The ROC analysis based on the ANN value showed significant improvement from EB to BN1 and BN2. In men (n = 296), the area under the curve (AUC) was 0.877 for EB, 0.912 for BN1 (p = not significant (ns) vs. EB) and 0.934 for BN2 (p = 0.007 vs. EB). In women (n = 207), the AUC was 0.831 for EB, 0.910 for BN1 (p = 0.016 vs. EB), and 0.932 for BN2 (p < 0.0001 vs. EB). The optimum sensitivity and specificity based on BN2 was 90% and 84% for men and 93% and 85% for women. In patients with prostate cancer, the AUC was equally high with EB, BN1, and BN2 (0.939, 0.949, and 0.957, p = ns). In patients with breast cancer, the AUC was improved from EB (0.847) to BN1 (0.910, p = ns) and BN2 (0.924, p = 0.039). The NRI using ANN between EB and BN1 was 17.7% (p = 0.0042), and that between EB and BN2 was 29.6% (p < 0.0001). With respect to BSI, the NRI analysis showed downward reclassification with total NRI of 31.9% ( p < 0.0001).

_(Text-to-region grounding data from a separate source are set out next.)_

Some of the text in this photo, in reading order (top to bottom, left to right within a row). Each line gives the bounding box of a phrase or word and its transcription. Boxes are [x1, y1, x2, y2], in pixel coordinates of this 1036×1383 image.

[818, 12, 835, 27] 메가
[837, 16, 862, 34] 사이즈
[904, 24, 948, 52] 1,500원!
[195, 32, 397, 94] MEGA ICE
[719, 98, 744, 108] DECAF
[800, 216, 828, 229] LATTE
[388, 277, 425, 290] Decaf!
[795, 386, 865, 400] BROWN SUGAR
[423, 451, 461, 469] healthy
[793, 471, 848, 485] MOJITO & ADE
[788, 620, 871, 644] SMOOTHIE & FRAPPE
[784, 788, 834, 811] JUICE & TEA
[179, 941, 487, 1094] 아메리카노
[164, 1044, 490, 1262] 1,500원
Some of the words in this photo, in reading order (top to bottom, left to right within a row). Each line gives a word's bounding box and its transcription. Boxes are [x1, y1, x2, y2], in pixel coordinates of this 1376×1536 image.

In the software for calculating BSI, the multi-institutional database significantly improved identification of bone metastasis compared with the original database, indicating the importance of a sufficient number of training databases including various types of cancers.

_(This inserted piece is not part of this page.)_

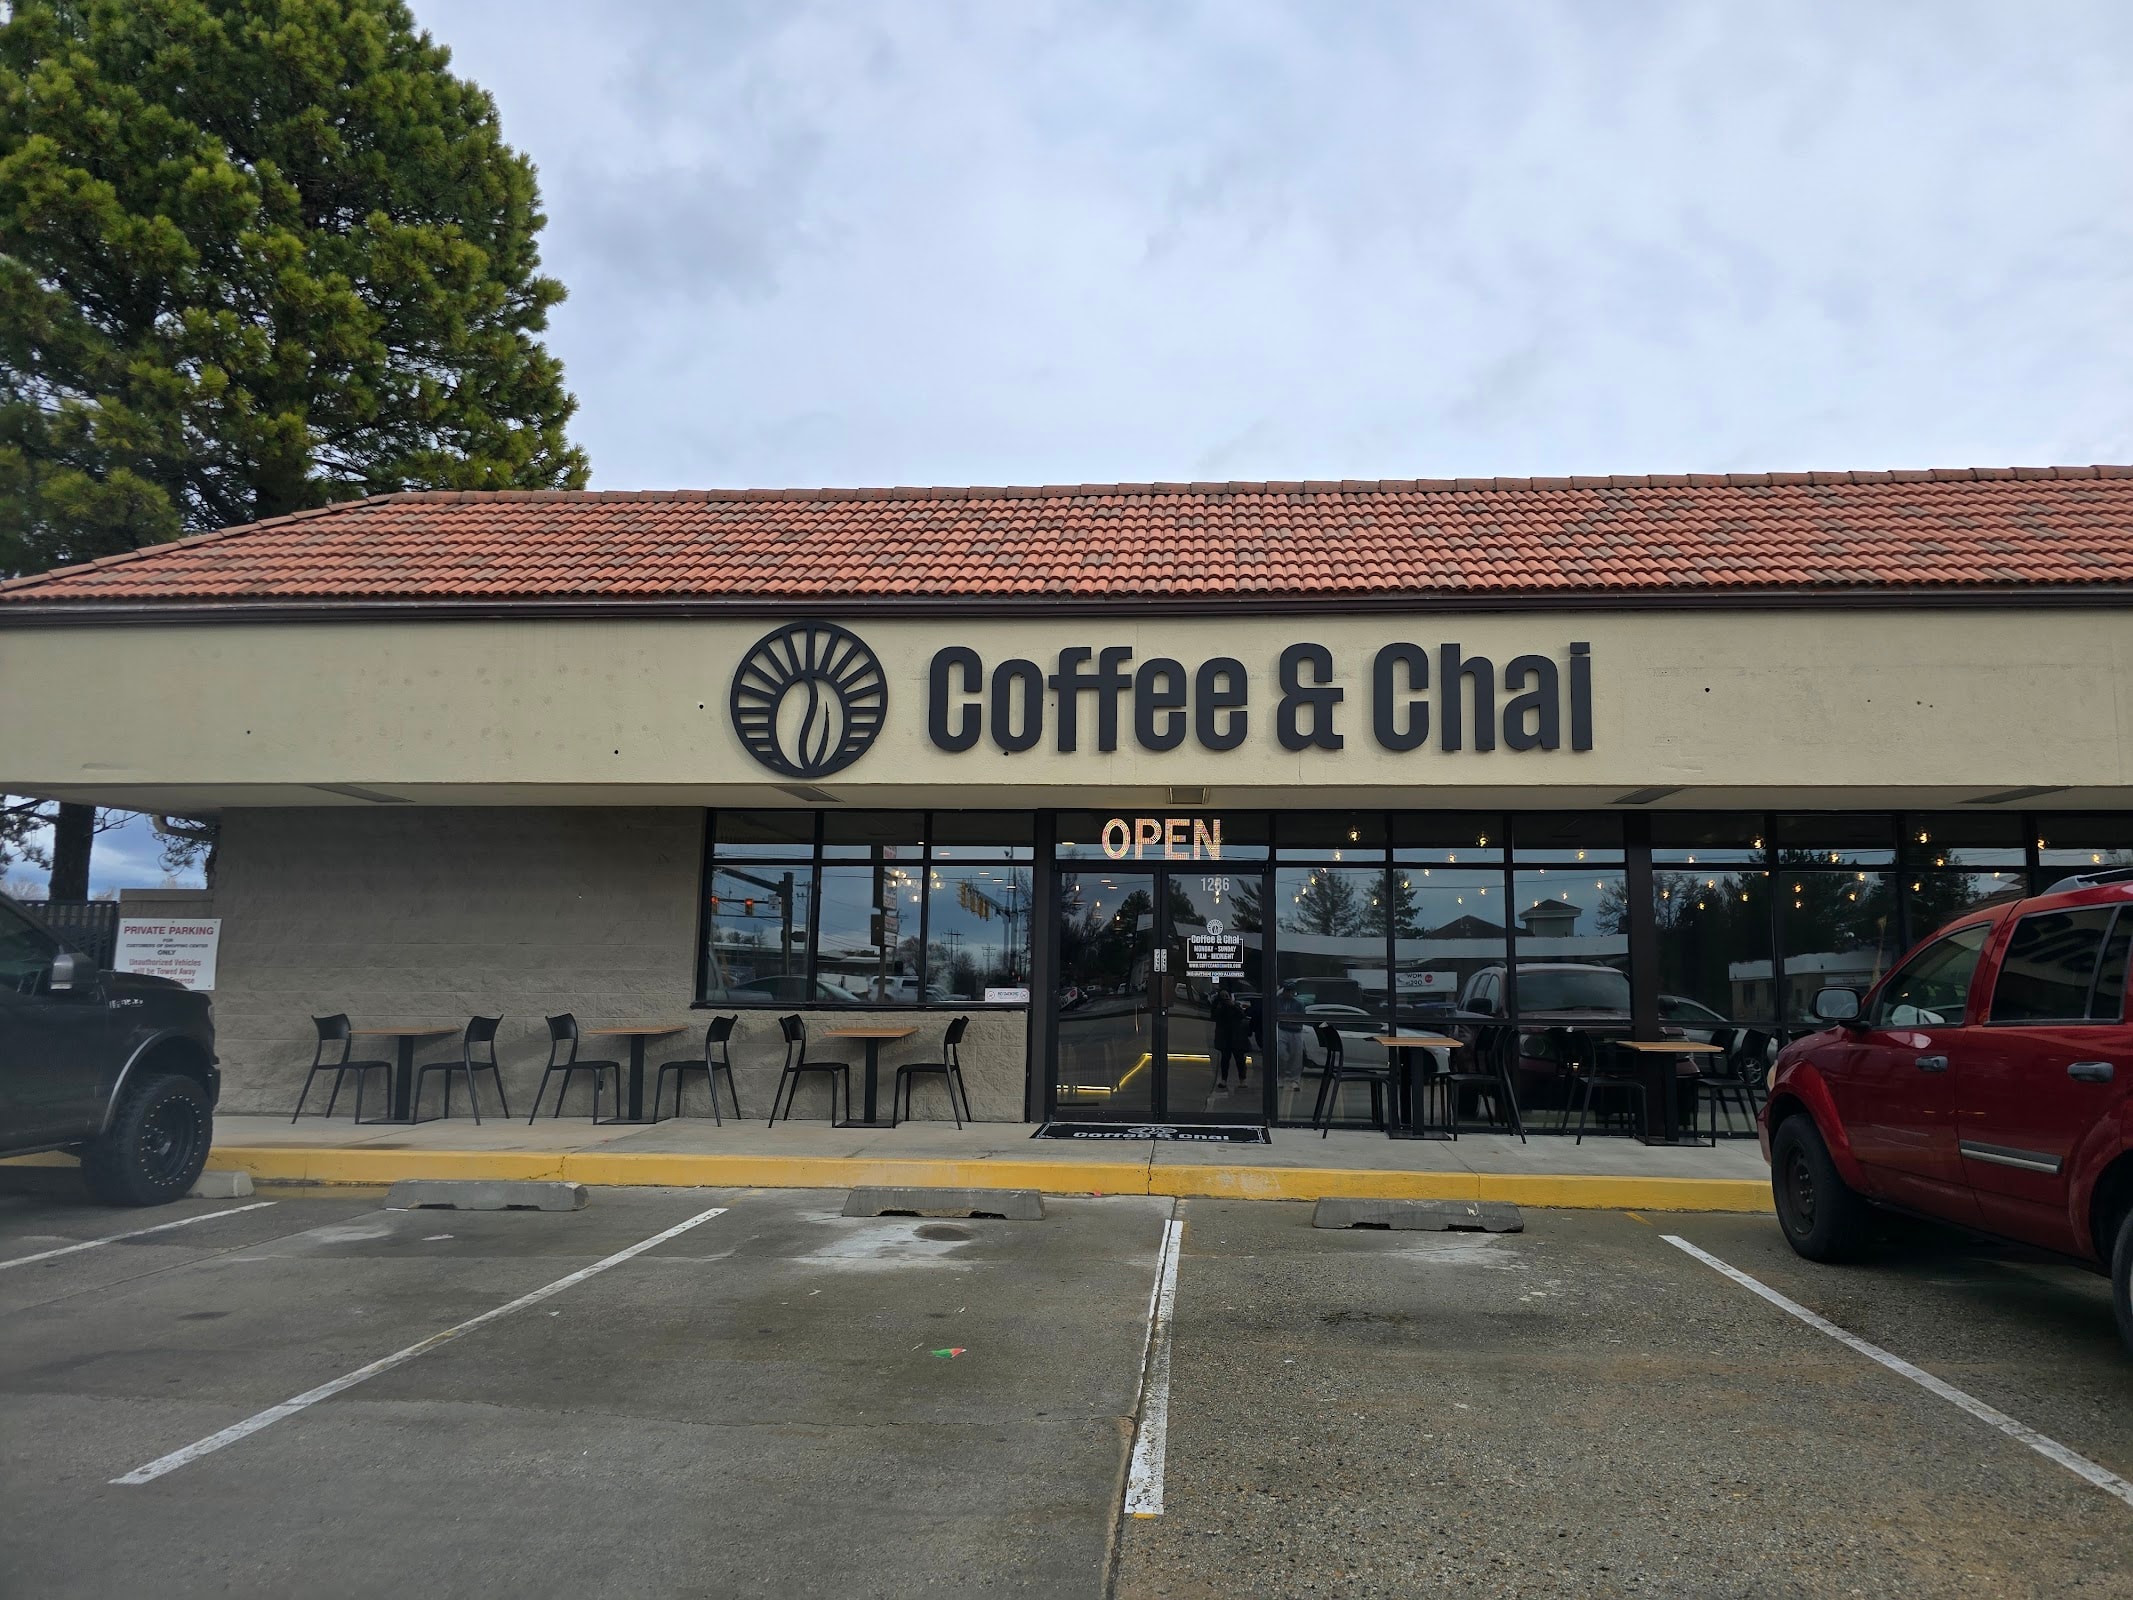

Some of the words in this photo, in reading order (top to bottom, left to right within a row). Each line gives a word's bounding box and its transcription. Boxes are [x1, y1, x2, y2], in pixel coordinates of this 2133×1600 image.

基于人工神经网络(ANN)的骨扫描指数(BSI)是骨转移量的标志物,已被证明可以提高诊断准确性和重现性,但可能受到训练数据库的影响。本研究的目的是使用大量日本数据库修订软件,并与原始瑞典训练数据库进行比较,以验证其诊断准确性。
使用 EXINIbone(EB;EXINI Diagnostics)计算 BSI,使用瑞典训练数据库(n=789)。比较了来自单个机构的日本训练数据库的软件(BONENAVI 版本 1,BN1,n=904)和来自 9 个机构的修订版(版本 2,BN2,n=1,532)。使用来自另外 503 例多中心骨扫描的患者数据进行验证,包括前列腺癌(n=207)、乳腺癌(n=166)和其他癌症类型的患者。计算 ANN 值(异常概率)和 BSI。进行了接收器工作特征(ROC)和净重新分类改善(NRI)分析。
基于 ANN 值的 ROC 分析显示,从 EB 到 BN1 和 BN2 有显著改善。在男性(n=296)中,EB 的曲线下面积(AUC)为 0.877,BN1 为 0.912(p 值不显著(ns)与 EB 相比),BN2 为 0.934(p=0.007 与 EB 相比)。在女性(n=207)中,EB 的 AUC 为 0.831,BN1 为 0.910(p=0.016 与 EB 相比),BN2 为 0.932(p<0.0001 与 EB 相比)。基于 BN2 的最佳敏感性和特异性分别为男性 90%和 84%,女性 93%和 85%。在前列腺癌患者中,EB、BN1 和 BN2 的 AUC 同样高(0.939、0.949 和 0.957,p=ns)。在乳腺癌患者中,EB 的 AUC 得到改善(0.847),分别提高至 BN1(0.910,p=ns)和 BN2(0.924,p=0.039)。EB 与 BN1 之间的 ANN NRI 为 17.7%(p=0.0042),EB 与 BN2 之间的 NRI 为 29.6%(p<0.0001)。对于 BSI,NRI 分析显示总 NRI 为 31.9%(p<0.0001),向下重新分类。
在计算 BSI 的软件中,多机构数据库与原始数据库相比,显著提高了对骨转移的识别能力,表明包括各种类型癌症的足够数量的训练数据库的重要性。